Monday, 06 September 2010

Kate draws on experience

ULVERSTON artist Kate Holden tells CLAIRE HIGH how spending a year in Japan helped develop her passion for graphic novels which are an everyday part of Japanese culture

ULVERSTON’S Kate Holden, held a manga workshop last week for over 20 teenagers at Barrow library and she cannot quite believe that it sold out.

The 23-year-old explains: “Manga is becoming quite widespread now but when I first started getting into it as a teenager there were not many manga fans in Cumbria – it was still a very niche thing.”

For those of you who have not heard of manga, Kate explains: “It is the Japanese word for comics – a form of sequential storytelling or graphic novel.

“But manga has its own distinctive drawing style of exaggerated characteristics and very large eyes, it also uses techniques that really involve the reader and draws them in – almost as if they are part of the story. It is highly emotionally charged.”

While manga is most definitely Japanese in origin, in the past decade or so it has gained a sizeable fan base in the UK.

Kate explains how she became a fan: “I discovered it after I became interested in animé cartoons on TV, such as Digimon. When I looked into it I found that these cartoons were based on comics books from Japan called manga.

“I got on the Internet and other fans were able to direct me to different sites on original manga.”

Her interest in the comics developed further when she attended a manga convention while she was in her first year at university in Preston: “I discovered there were people in the UK drawing their own manga comics.”

In fact Kate was lucky enough to do a workshop and learn how to draw manga herself at one of these conventions with one of the best known of the UK manga artists – Emma Vieceli.

Emma is an illustrator whose work has appeared in the Guardian and who is most famous for her manga version of Shakespeare’s Hamlet.

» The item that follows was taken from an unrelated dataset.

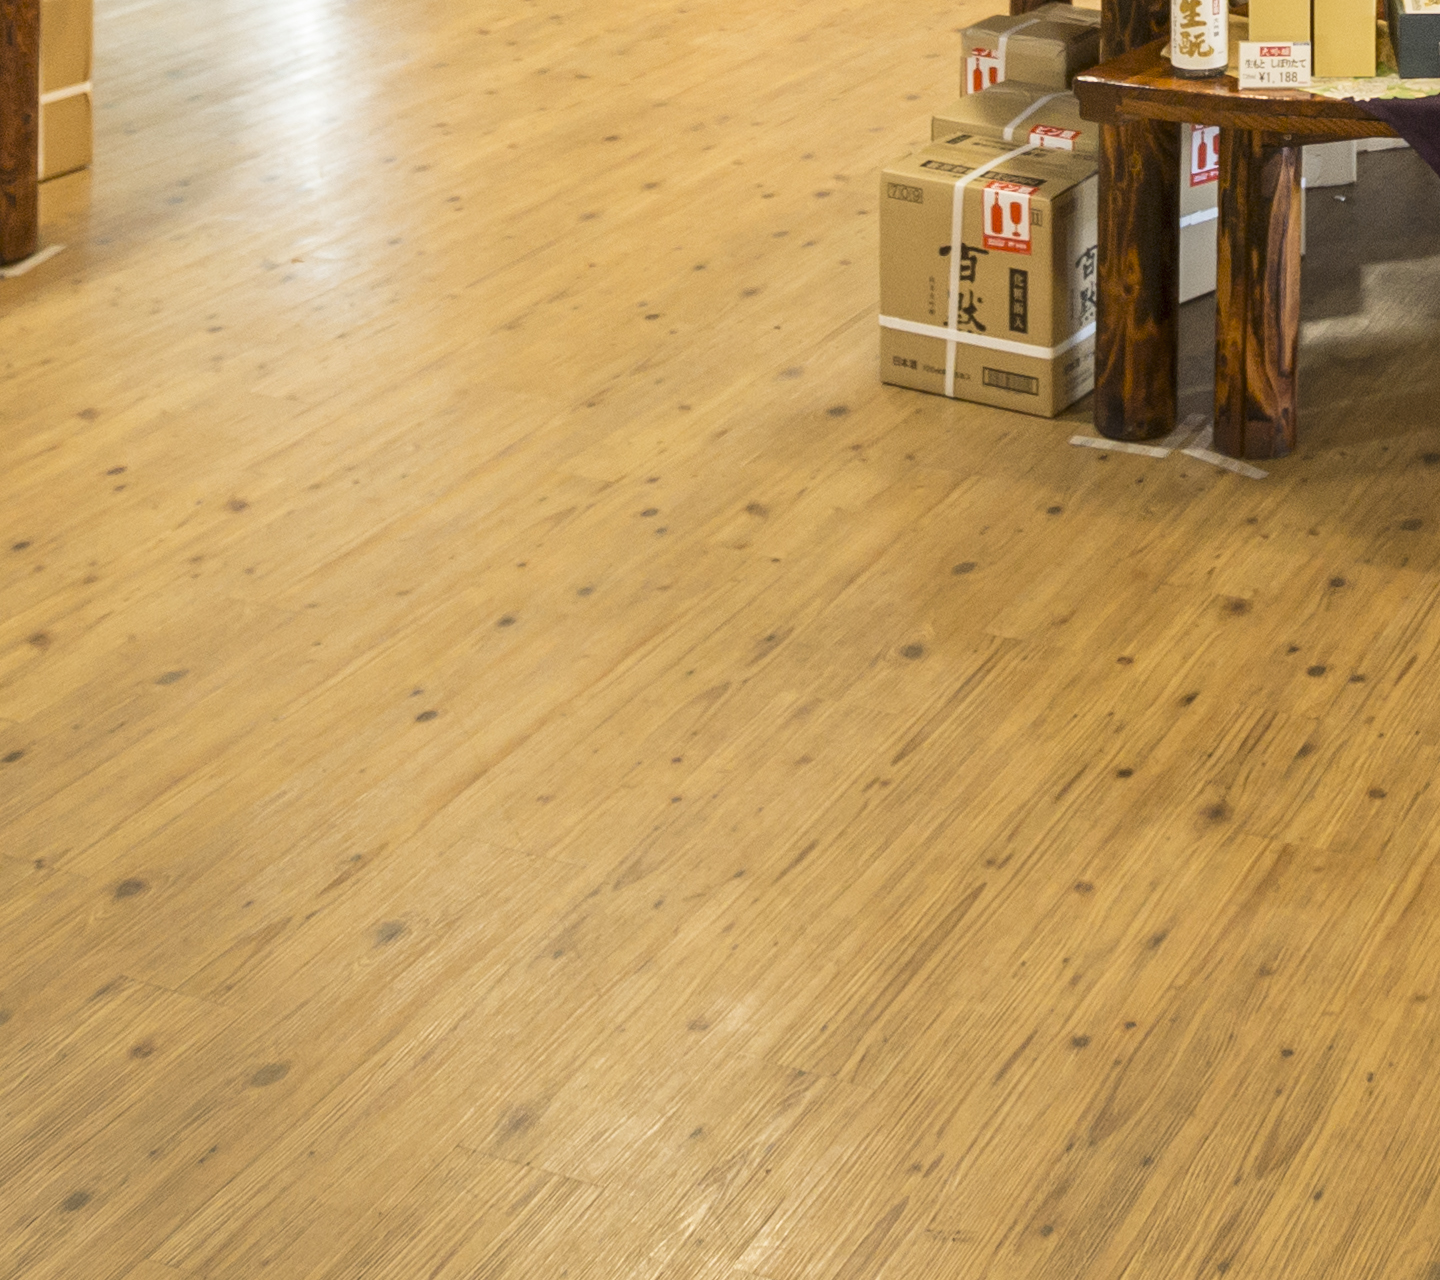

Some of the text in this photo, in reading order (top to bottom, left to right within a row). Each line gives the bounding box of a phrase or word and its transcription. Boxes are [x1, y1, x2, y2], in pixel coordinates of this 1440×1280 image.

[1271, 59, 1306, 69] しぼりたて
[893, 356, 918, 370] 日本酒

Now Kate could follow in Emma’s footsteps with the publication of her first manga story, Fell, in a self-published anthology called Origins.

The anthology is the brainchild of Kate and three fellow manga fans whom she met on the Internet – Sally Jane Thompson, Rebecca McCarthy and Anna Fitzpatrick – who formed a collective called IndieManga nine months ago.

“It is a collaborative collection of short comics and a short story which we published under our collective name – IndieManga,” says Kate.

She adds that the four friends decided to publish their own stories after three of them, Kate included, reached the finals of a national manga competition – the renowned Rising Stars of Manga – but failed to win.

Rather than see their manga stories remain unpublished the four friends decided to go ahead and self-publish.

“The book was self funded and printed in the UK. When split between the four of us the costs were actually very reasonable,” says Kate.

They published Origins in September and aim to do three similar anthologies each year.

She says that turning her creations into a printed book has been a “massive learning curve”.

But adds: “There’s nothing like the feeling of having completed a comic and holding it in your hands for the first time.”

And she says, with no small amount of pride, that Origins has been well received so far: “We sent a copy to Ron Smith, the 2000AD comic artist who drew Judge Dredd, and he said he enjoyed it very much.”

While Kate has always had an interest in art, she says that studying fine art at A-level put her off pursuing the subject academically at university.

Instead she opted to do a language degree: “I wanted to do something different and decided on Japanese at Preston – I thought it would be very useful to learn another language.”

As part of her four-year course Kate studied Japanese for one year in Nogoya, in central Japan.

She says: “My passion for Japan started with my love of manga and going there certainly gave me a deeper understanding of why manga is like it is.

“Now I have lived there I realise just how deeply manga is rooted in the Japanese culture. It made me realise how important it is to root my manga in English culture.”

In fact Kate’s story Fell is very much rooted in Cumbria and she is well-known in manga circles for giving her characters strong northern accents and making them use Cumbrian slang in her stories.

She explains: “I don’t set my stories in Japan, even though I have lived there.

“To do so is frowned upon in the UK manga community and is called being Wapanese – wannabe Japanese.”

After such a sterling response, Kate is keen to run another manga workshop in the future, so fans who missed out first time round should watch this space. She finishes: “I don’t think I would’ve started making comics if I hadn’t gone to the workshop run by Emma three years ago. Now I hope I can pass on what I’ve learned to others.”